Background

Gastric cancer is the 5th and 3rd most common cancer and cause of cancer-related mortality, respectively, worldwide [1]. Surgery, which includes appropriate gastrectomy and lymphadenectomy, is the cornerstone of treatment. Lymphadenectomy may be limited to perigastric lymph nodes (D1) or extended to include nodes along the named vessels of the celiac axis (D2). Arguments favoring extended lymphadenectomy include improved staging and locoregional control and potential survival benefit based on non-randomized reports [2,3,4,5]. While initial results from Western randomized trials failed to validate survival advantage with extended dissection [6, 7], long-term follow-up showed decreased gastric cancer-related deaths particularly in patients with limited nodal disease and without pancreaticosplenectomy [8]. This finding along with results from Eastern randomized trials showing better survival with extended lymphadenectomy [9], the non-requirement of distal pancreaticosplenectomy for all D2 dissection [10, 11], and the decreased perioperative mortality in high volume centers [12], have led to the recommendation by major consensus groups of D2 dissection as standard lymphadenectomy for gastric cancer [13,14,15,16].

Greater extent of lymphadenectomy is associated with increased number of harvested lymph nodes [17,18,19,20]. In the lymphadenectomy trials, consistently more nodes were retrieved in the D2 arms [6, 7, 9]. Several reports including population-based and single, low to high volume institution studies demonstrated better survival with increased number of removed nodes [5, 21,22,23,24,25]. However, it is difficult to ascertain if this effect on survival is due to stage migration or an actual therapeutic benefit [2, 3, 5, 24,25,26]. With more nodes examined, the probability of detecting pathologic nodes increases, leading to more accurate staging and stage-specific survival estimates [2, 20, 27, 28]. Stage migration is of particular concern in Western studies with high proportion of cases not meeting the minimum of 15 nodes examined recommended for accurate staging [5, 19, 21, 29]. Alternatively, removal of more lymph nodes may improve survival by improving locoregional control via clearance of nodes harboring macro- and micrometastasis. Nodal micrometastases in gastric cancer were shown to negatively impact survival [30,31,32,33].

We hypothesize that the therapeutic benefit of removing more lymph nodes is limited to intermediate-stage disease. In early cancer, removal of more nodes may not improve survival because nodal metastasis risk is low, while in advanced stages, risk of systemic disease is high thus offsetting any benefit achieved with improved regional control. We aim to define the impact of the number of lymph nodes removed on survival in a high-volume gastric cancer center where lymph node harvest for accurate staging is achievable and treatments standardized. The study considers whether, beyond the influence of number of lymph nodes removed on the staging quality, the removal of more nodes in itself has a therapeutic benefit and if such benefit is stage-specific.

Methods

A review was conducted of prospectively collected data relating to histologically proven gastric adenocarcinoma patients who underwent primary curative resection in National Cancer Center (NCC), South Korea between 2000 and 2009. Nearly half of the NCC patients, both public and private, were from the regional area and the other half from a nationwide distribution.
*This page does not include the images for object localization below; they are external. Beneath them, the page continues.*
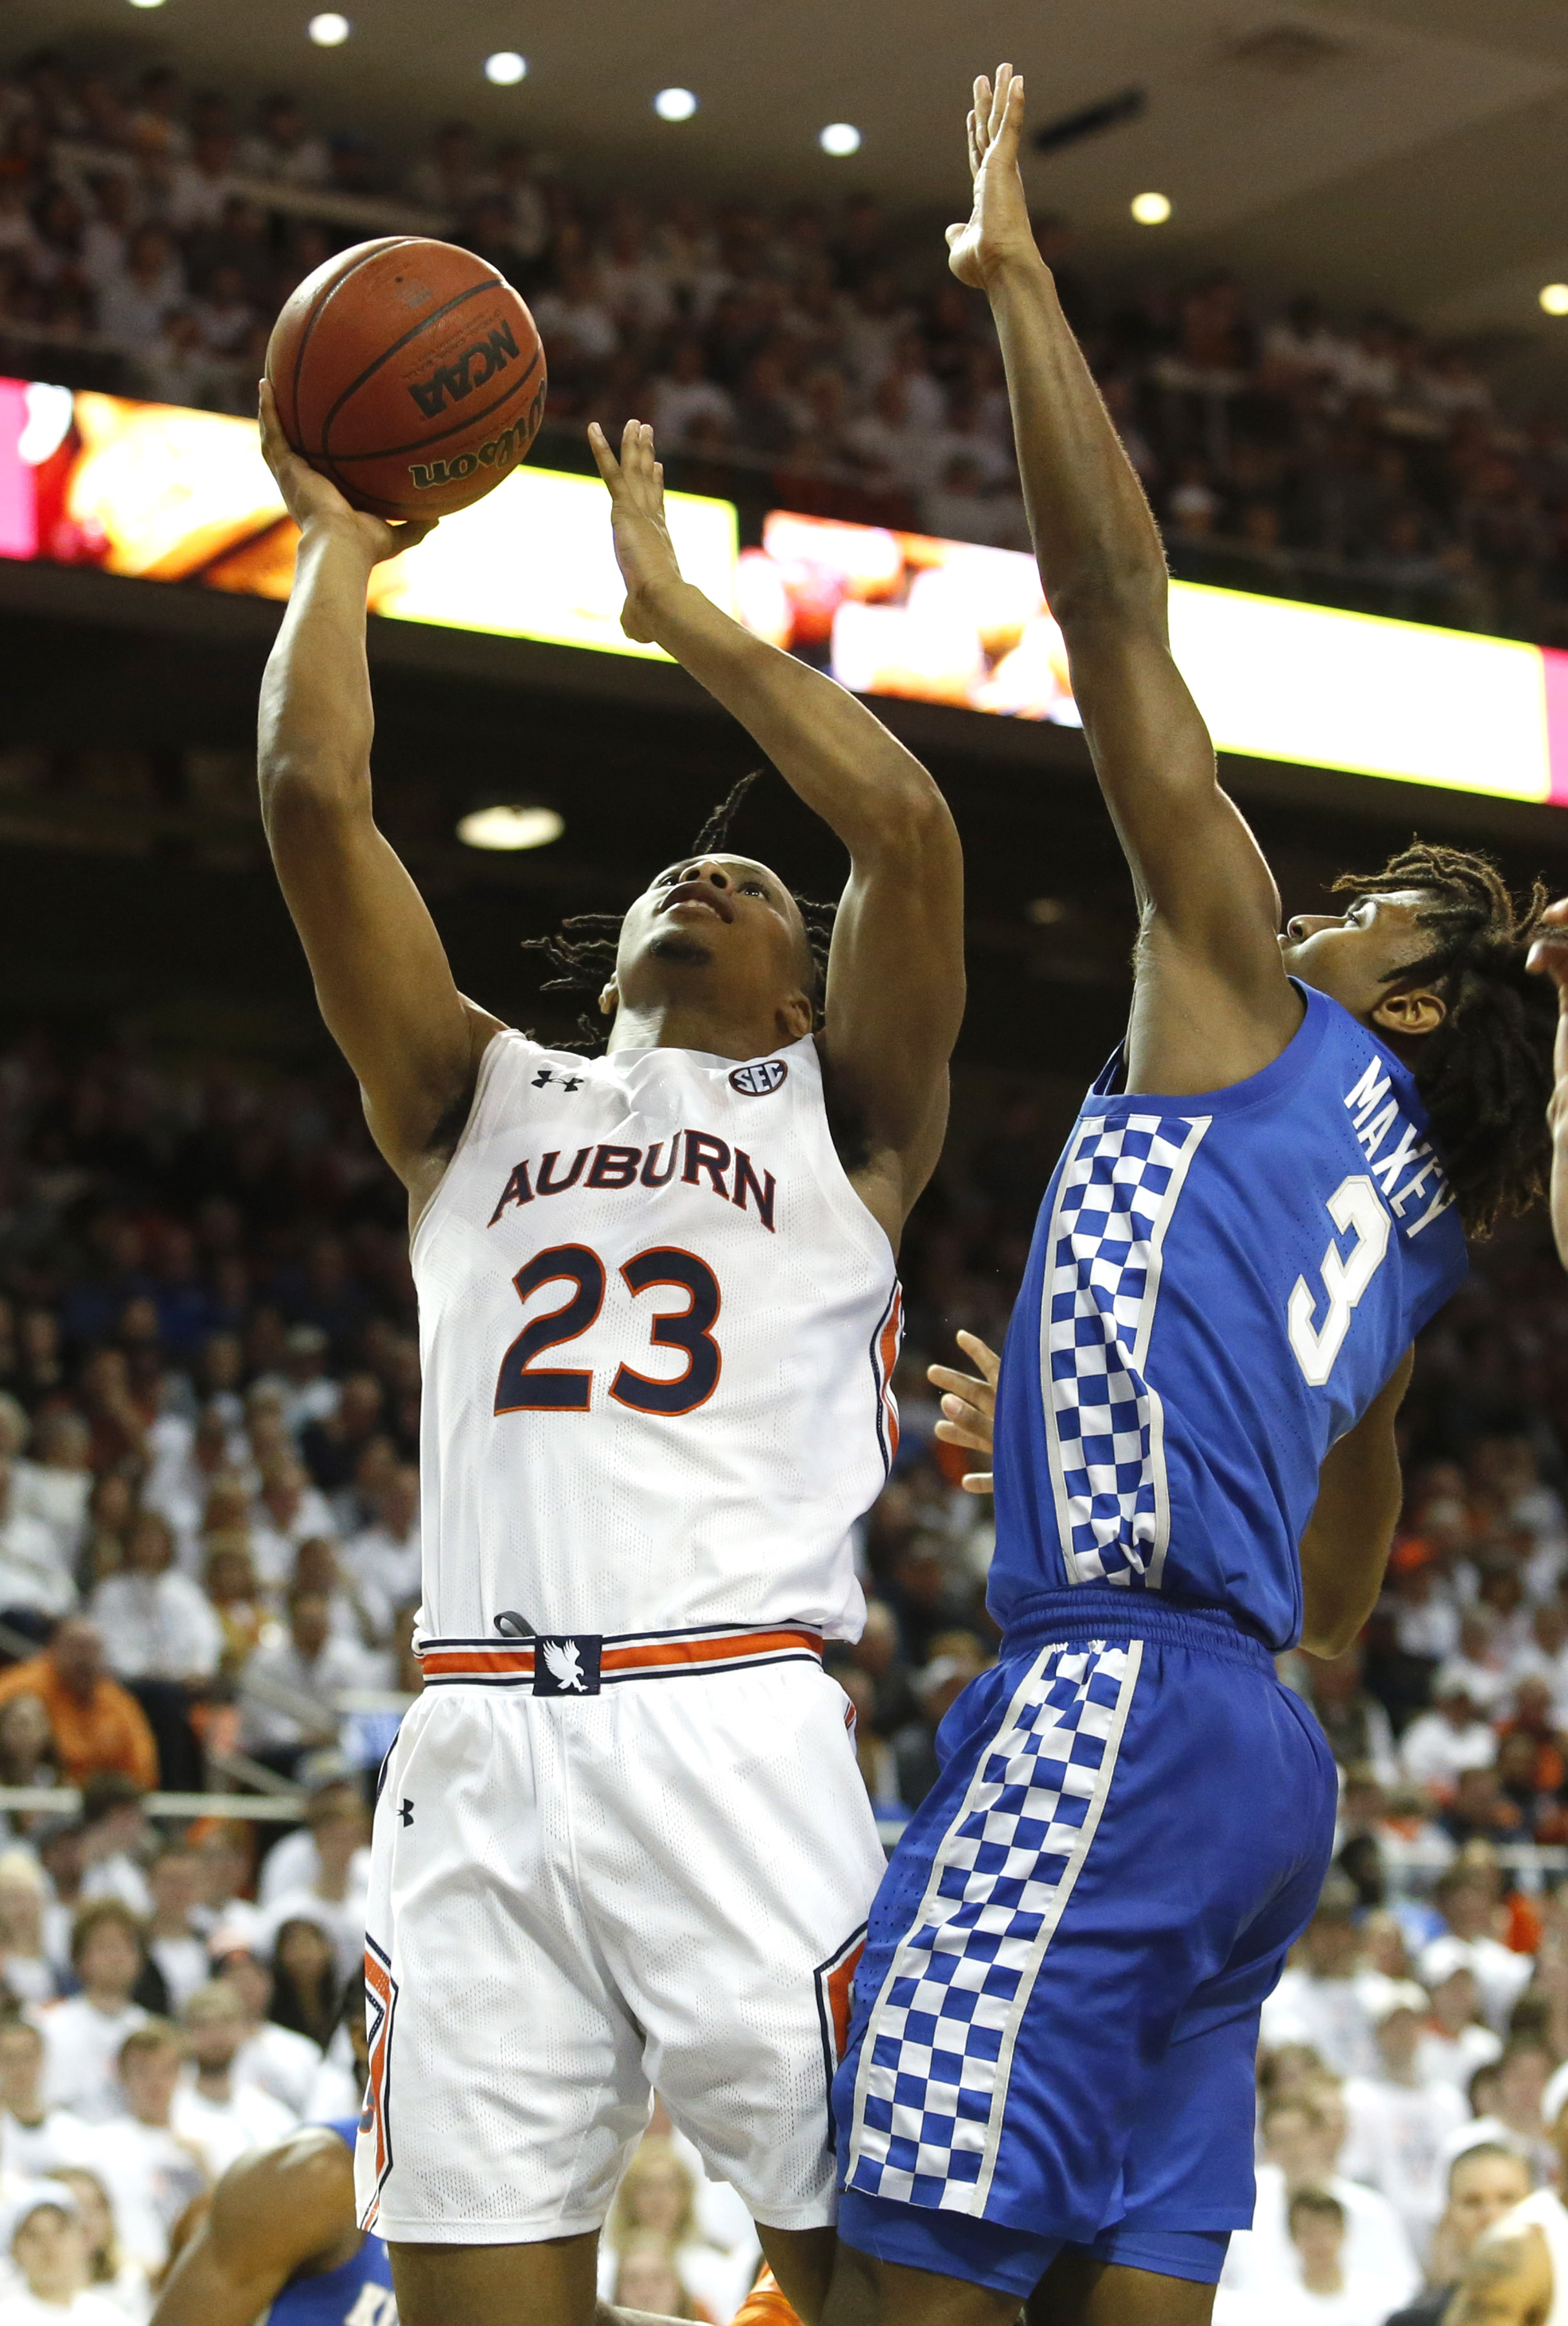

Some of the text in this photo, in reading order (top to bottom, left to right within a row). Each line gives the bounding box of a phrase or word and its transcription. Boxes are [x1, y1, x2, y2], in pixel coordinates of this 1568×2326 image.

[408, 320, 519, 419] NCAA
[733, 1062, 784, 1093] SEC
[1343, 1054, 1458, 1238] MAXEY
[487, 1129, 777, 1233] AUBURN
[494, 1242, 722, 1418] 23
[1287, 1174, 1392, 1387] 3
Included in the study were patients ≥18 years who underwent R0 resection with lymphadenectomy and at least 5 years follow-up for survivors. Patients with distant metastases (including peritoneum, cytology-positive, paraaortic lymph nodes], concurrent or history of other malignancy, previous gastrectomy, prior neoadjuvant chemotherapy/chemoradiotherapy, who underwent sentinel lymph node biopsy, or died within 30 days from surgery were excluded. Neoadjuvant therapy patients were excluded as neoadjuvant therapy may decrease nodal yield. Postoperative deaths were excluded since the outcome of interest is long-term survival. High-volume gastric surgeons performed the operations. A dedicated team of gastric pathologists performed the examination of lymph nodes using standardized conventional protocol.
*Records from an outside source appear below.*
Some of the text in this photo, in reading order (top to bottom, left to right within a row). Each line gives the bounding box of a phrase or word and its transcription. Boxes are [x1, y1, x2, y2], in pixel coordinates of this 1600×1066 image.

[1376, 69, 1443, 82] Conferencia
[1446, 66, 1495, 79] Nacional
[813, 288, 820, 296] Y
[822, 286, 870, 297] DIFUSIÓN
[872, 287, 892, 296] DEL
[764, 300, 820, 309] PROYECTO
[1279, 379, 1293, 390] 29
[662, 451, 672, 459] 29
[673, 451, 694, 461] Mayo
Clinicopathologic and survival data were retrieved primarily from the NCC Center of Gastric Cancer database. Additional electronic medical records were reviewed for some patients to supply missing data. Clinicopathologic data were retrieved relating to age, sex, American Society of Anesthesiology (ASA) score, body mass index (BMI), pathologic tumor (pT) category, pathologic tumor size, mean number of positive pathologic lymph nodes, pathologic nodal status (pN) category, total number of lymph nodes examined, pathologic stage, tumor location (proximal, middle, distal, whole), histologic grade, Borrmann type, Lauren type, lymphovascular invasion (LVI), perineural invasion (PNI), resection type (subtotal, total, extended), lymph node dissection extent (D1, D2, > D2), and adjuvant chemotherapy. Patients were grouped according to pathologic stage (American Joint Committee on Cancer 7th edition) and categories defined by the total number of lymph nodes examined. Categories of number of lymph nodes examined were determined a priori and to avoid small numbers per category, particularly with few lymph nodes examined, the first group consisted of patients with 30 or less nodes, the second with 31–45 nodes and the third with more than 45 nodes. Data were presented as means (with standard deviations, SD) for continuous variables and frequencies (%, count and denominators) for categorical variables.
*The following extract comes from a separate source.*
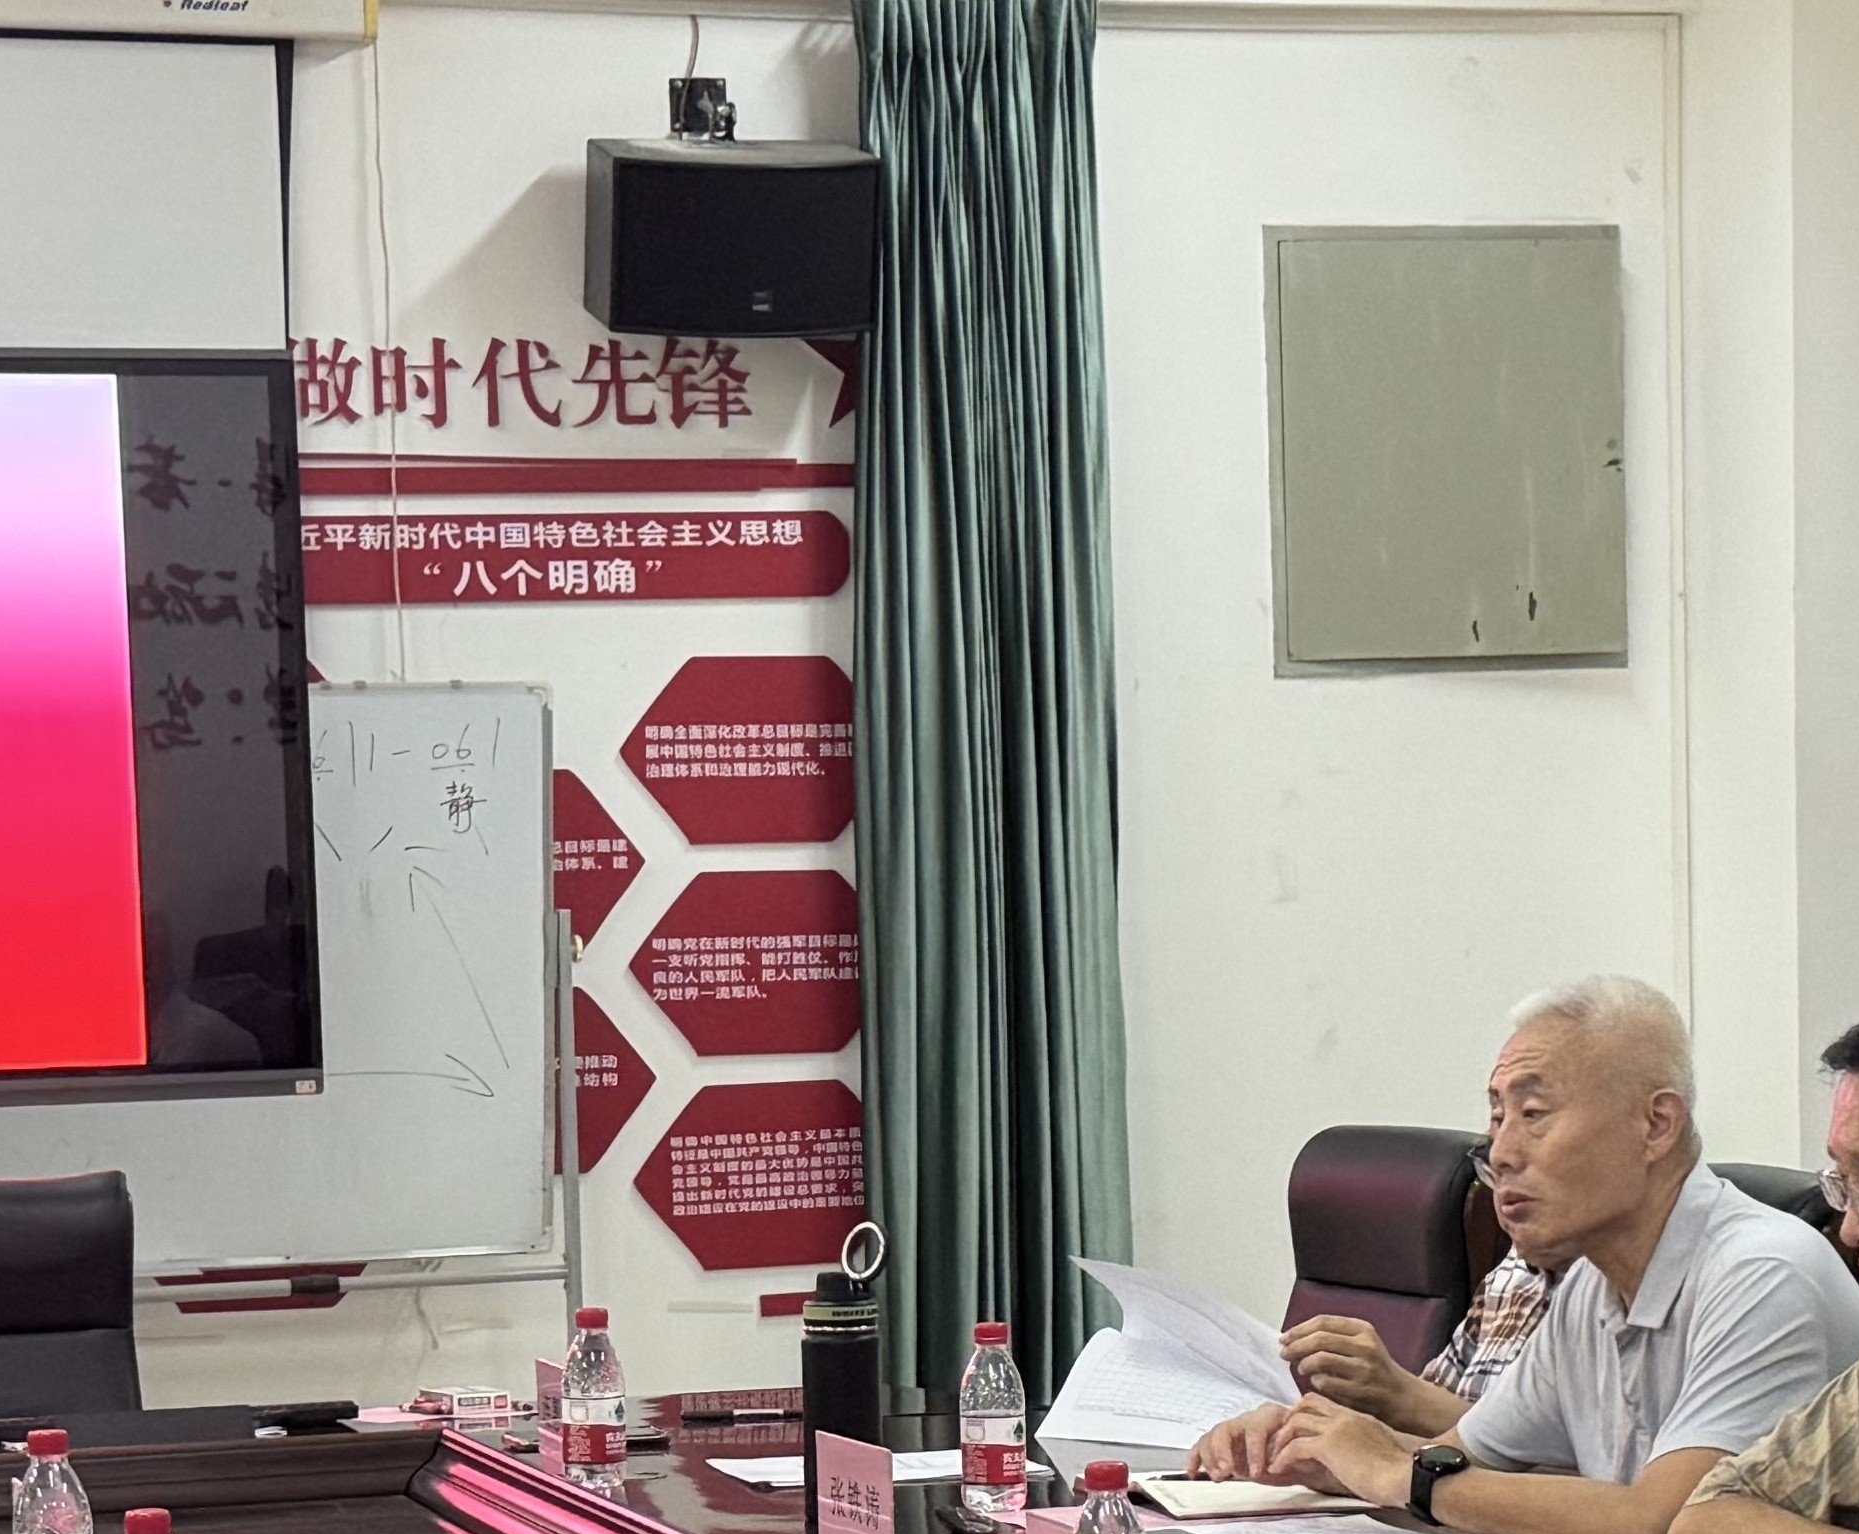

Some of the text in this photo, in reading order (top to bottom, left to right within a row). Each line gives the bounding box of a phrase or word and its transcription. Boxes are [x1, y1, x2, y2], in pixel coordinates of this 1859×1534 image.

[288, 335, 753, 431] 做时代先锋
[301, 519, 804, 552] 近平新时代中国特色社会主义思想
With the main objective of the study to investigate an association between the total number of LN examined and survival, Kaplan-Meier method was used to estimate survival curves for all stages and for each stage according to total number of lymph nodes examined. Survival was defined in terms of disease-free survival (DFS) and overall survival (OS). Log-rank test was used to detect survival differences. Cases were censored on their last known follow-up check up or with the occurrence of outcome of interest (recurrence or death from any cause). Analysis of variance (ANOVA) was used to detect differences in the total lymph nodes examined among stages. Linear regression modeling was used to test the trend with those more than 45 lymph nodes examined according to stage. Scatterplot and linear regression analyses were used to assess stage migration with number of examined lymph nodes as independent variable and number of positive pathologic lymph nodes as dependent variable. To provide additional evidence for association of total number of examined lymph with survival, univariate and multivariate analyses using the Cox proportional hazards model of this variable along with other clinicopathologic variables deemed to affect survival in gastric cancer based on previous reports (age, sex, BMI, ASA score, pT, pN, pstage, tumor location, histologic grade, Borrmann type, Lauren type, LVI, PNI, resection type and adjuvant chemotherapy) were done. Variables which showed significance (p value < 0.05) on univariate analysis were entered into the multivariate analysis to identify which variables remained significantly associated with survival. The analyses were not intended to develop a prognostic risk prediction model but to look at association of factors separately.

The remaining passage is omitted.